Return the data below in full and exactly, except that the pictures are dropped.

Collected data
━━━━━━━━━━━━━━━━━━━━

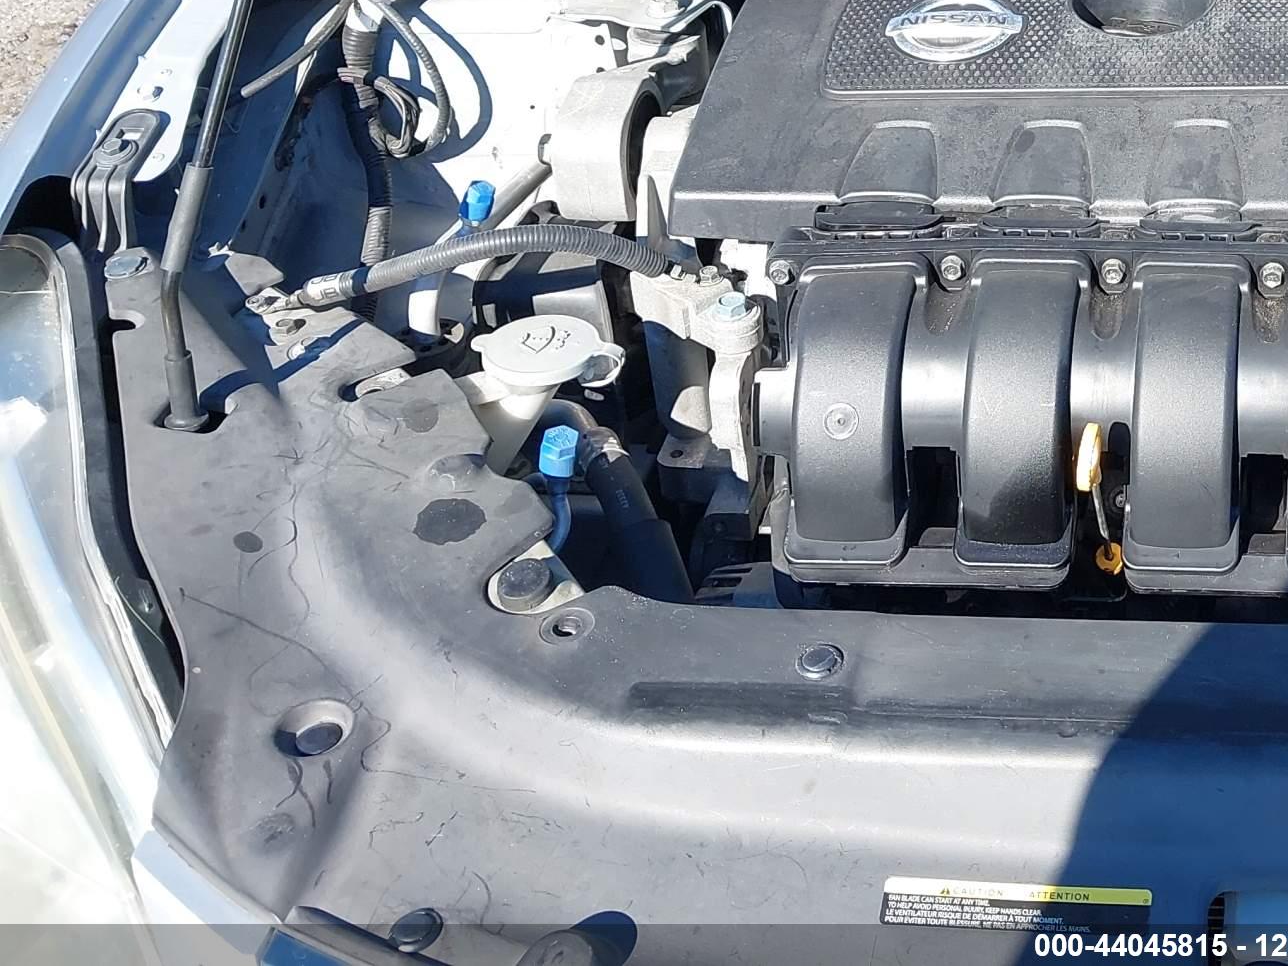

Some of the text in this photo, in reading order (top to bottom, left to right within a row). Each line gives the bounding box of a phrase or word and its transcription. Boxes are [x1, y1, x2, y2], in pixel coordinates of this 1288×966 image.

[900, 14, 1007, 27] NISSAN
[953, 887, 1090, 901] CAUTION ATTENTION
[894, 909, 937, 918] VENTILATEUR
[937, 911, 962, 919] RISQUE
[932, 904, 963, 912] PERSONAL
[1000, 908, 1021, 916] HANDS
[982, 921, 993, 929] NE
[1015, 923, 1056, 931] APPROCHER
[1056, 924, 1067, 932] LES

━━━━━━━━━━━━━━━━━━━━

**EXPECTED ANSWER:**
Some of the text in this photo, in reading order (top to bottom, left to right within a row). Each line gives the bounding box of a phrase or word and its transcription. Boxes are [x1, y1, x2, y2], in pixel coordinates of this 1288×966 image.

[900, 14, 1007, 27] NISSAN
[953, 887, 1090, 901] CAUTION ATTENTION
[894, 909, 937, 918] VENTILATEUR
[937, 911, 962, 919] RISQUE
[932, 904, 963, 912] PERSONAL
[1000, 908, 1021, 916] HANDS
[982, 921, 993, 929] NE
[1015, 923, 1056, 931] APPROCHER
[1056, 924, 1067, 932] LES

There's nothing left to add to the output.